This study used a combination of molecular and cellular assays on primary mammary tumor cells from the MMTV-PyMT transgenic mouse with or without CCR7 to examine the signaling crosstalk between CCR7 and Notch pathways.
We show for the first time that CCR7 functionally intersects with the Notch signaling pathway to regulate mammary cancer stem-like cells. In this cell subpopulation, CCR7 stimulation activated the Notch signaling pathway, and deletion of CCR7 significantly reduced the levels of activated cleaved Notch1. Moreover, blocking Notch activity prevented specific ligand-induced signaling of CCR7 and augmentation of mammary cancer stem-like cell function.

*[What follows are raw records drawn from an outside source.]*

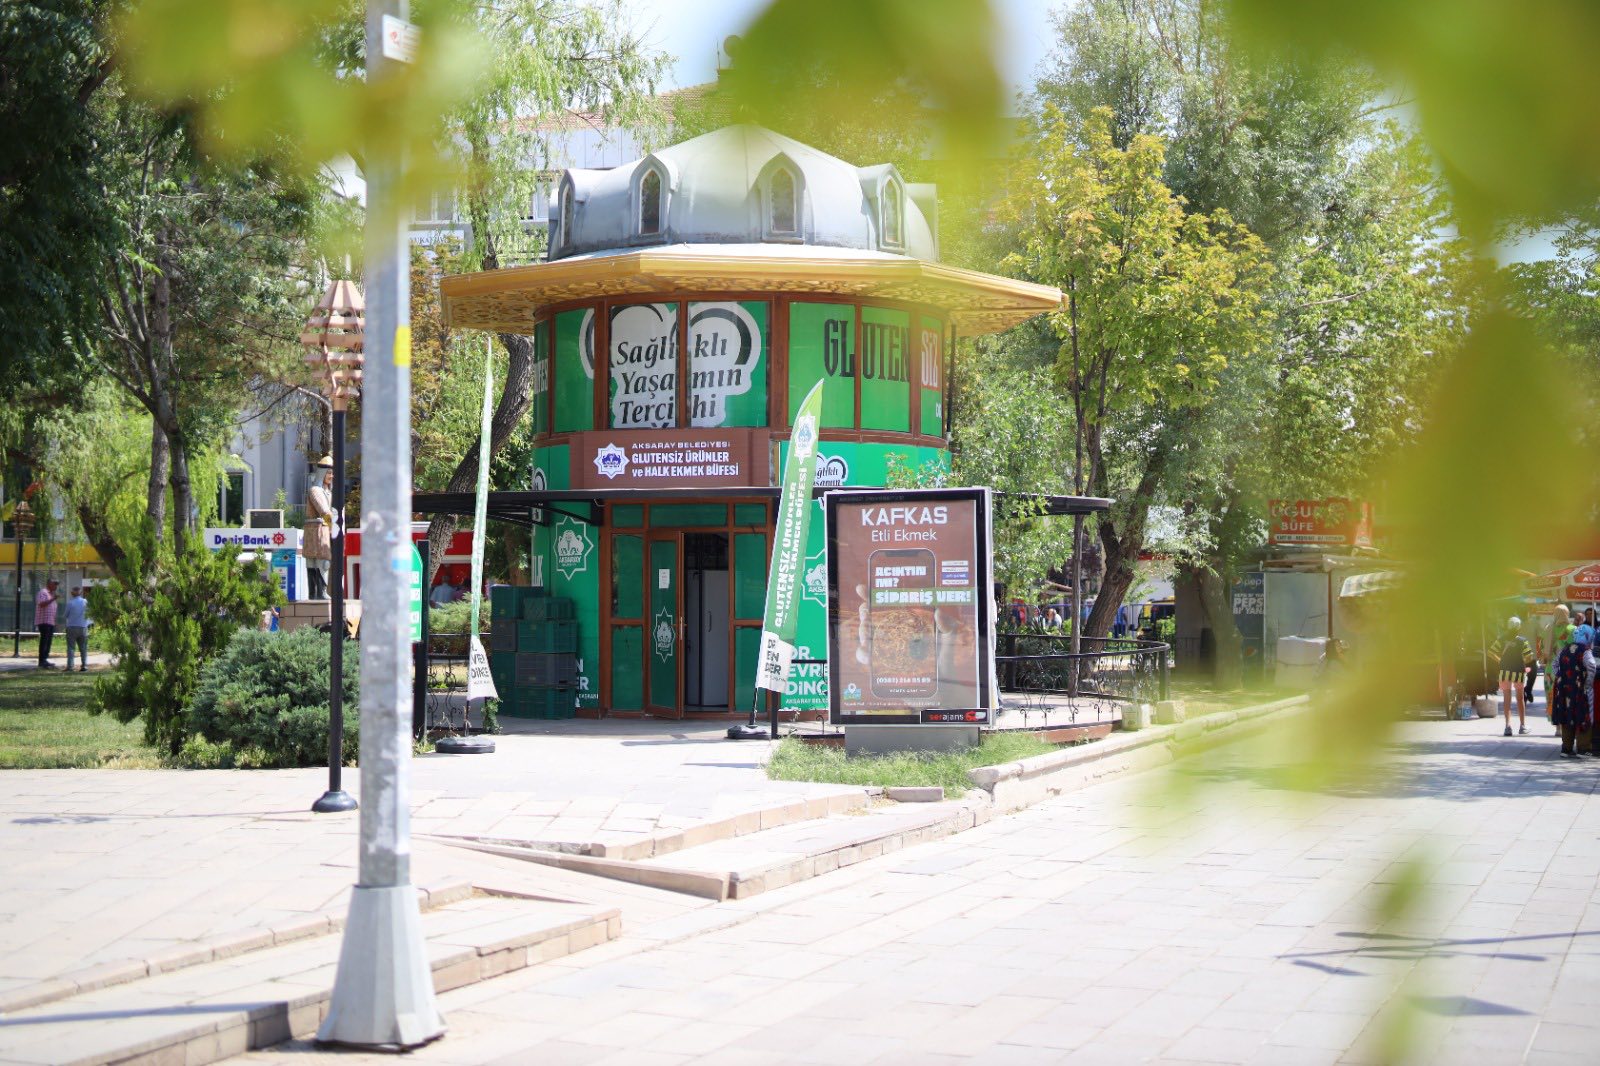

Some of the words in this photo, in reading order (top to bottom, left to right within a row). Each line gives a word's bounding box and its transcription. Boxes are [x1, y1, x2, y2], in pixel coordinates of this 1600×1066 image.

[631, 451, 684, 465] GLUTENSİZ
[685, 450, 729, 463] ÜRÜNLER
[631, 468, 643, 477] ve
[644, 466, 670, 477] HALK
[671, 465, 705, 477] EKMEK
[706, 462, 738, 476] BÜFESİ
[861, 506, 948, 526] KAFKAS
[871, 529, 891, 542] Etli
[894, 528, 937, 541] Ekmek
[936, 591, 971, 603] VER!

Crosstalk between CCR7 and Notch1 promotes stemness in mammary cancer cells and may ultimately potentiate mammary tumor progression. Therefore, dual targeting of both the CCR7 receptor and Notch1 signaling axes may be a potential therapeutic avenue to specifically inhibit the functions of breast cancer stem cells.
- Breast cancer
- Mammary gland
- Chemokine receptor
- Cancer stem cell
Despite significant recent advances in breast cancer treatment, breast cancer is still the major cause of cancer-related death in females worldwide. Resistance to radiation and chemotherapy, together with unpredictable recrudescence, are the most challenging issues in clinical practice. Significant evidence has accumulated in recent years to implicate cancer stem-like cells (CSCs) as the main perpetuators of cancer recurrence and therapy resistance in mammary and other tumors, as this cell population exhibits stem cell-like characteristics of self-renewal, quiescence and the ability to differentiate into various cell lineages [1, 2]. Therefore, targeting alterations acquired by CSCs in stemness-related signaling pathways has been proposed as an effective therapeutic strategy to counteract current treatment shortfalls in breast cancer management. However, CSC regulatory mechanisms remain largely undiscovered.

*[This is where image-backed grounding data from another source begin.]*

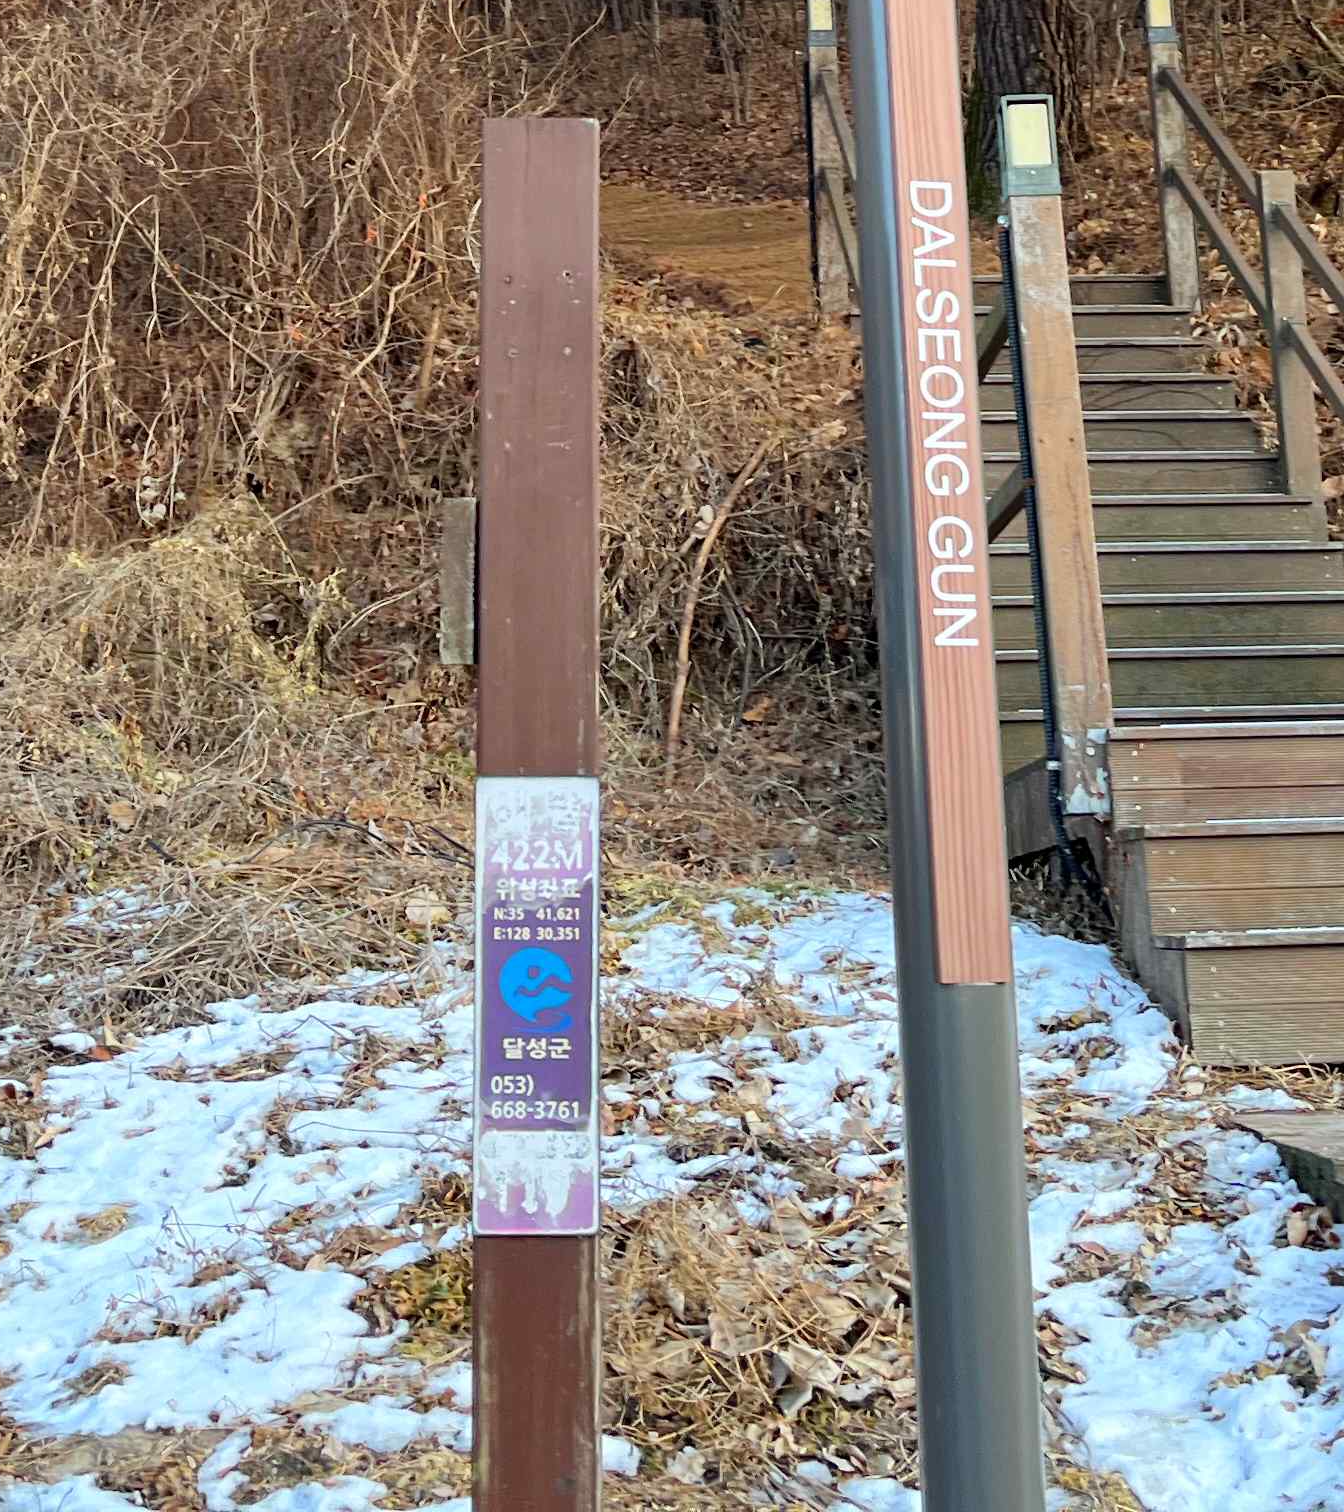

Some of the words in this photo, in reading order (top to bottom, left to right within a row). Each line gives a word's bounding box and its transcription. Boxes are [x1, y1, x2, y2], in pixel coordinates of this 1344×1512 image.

[909, 180, 970, 498] DALSEONG
[927, 515, 979, 648] GUN
[496, 877, 581, 901] 위성좌표
[494, 907, 525, 920] N:35
[494, 927, 530, 940] E:128
[502, 1038, 573, 1059] 달성군
[490, 1075, 535, 1096] 053)
[490, 1100, 581, 1120] 668-3761

Chemokine receptors and their ligands have been implicated in numerous aspects of breast malignancy . The chemokine receptor CCR7 and its ligands CCL19 and CCL21 have been associated with metastasis, poor survival, invasion and cell migration in primary tumors and breast cancer experimental models [4–6]. We have recently shown that CCR7 regulates stem cell-like activity in primary mammary tumors in mice and humans , and sought to understand how CCR7-mediated stemness interacts with and/or is influenced by recognized stem cell-related signaling pathways.
The Notch pathway is one of the major signaling axes in embryonic and adult stem cell homeostasis and has a critical role in regulating proliferation, differentiation, apoptosis, cell-cell communication and other multiple functions [8, 9]. Notch receptors are proteolytically cleaved in a two-step process, releasing the intracellular domain that translocates to the nucleus and acts as a transcriptional cofactor for various genes including those mediating cell fate . A cancer-specific role of the Notch axis has also been extensively studied in both solid and blood neoplasms, and numerous inhibitors of γ-secretase – the enzyme that cleaves and hence activates Notch signaling — are now being trialed in human patients as anti-cancer drugs [11, 12]. Notably, Notch has been reported to play both oncogenic and tumor-suppressive roles depending on the cell type and tissue context , thus warranting further investigation into molecular determinants of the tumor-promoting or tumor-inhibiting arms of this complex, multifaceted signaling pathway.
Signaling through the Notch axis has been reported to crosstalk with multiple other pathways including numerous oncogenic mediators, such as Wnt effectors , the Hedgehog pathway, cytokines, kinases and growth factors in mammary and other cancers [14, 15]. Of note is the intersection between the epidermal growth factor receptor (EGFR) system and Notch pathway that has been proposed as a mechanism for trastuzumab resistance in HER2-positive tumors, and thus a route for therapeutic intervention . Effectively, the identification of specific crosstalk networks of Notch that govern growth and differentiation of mammary cancer cells may provide new opportunities for developing effective inhibitors of tumor relapse and metastasis.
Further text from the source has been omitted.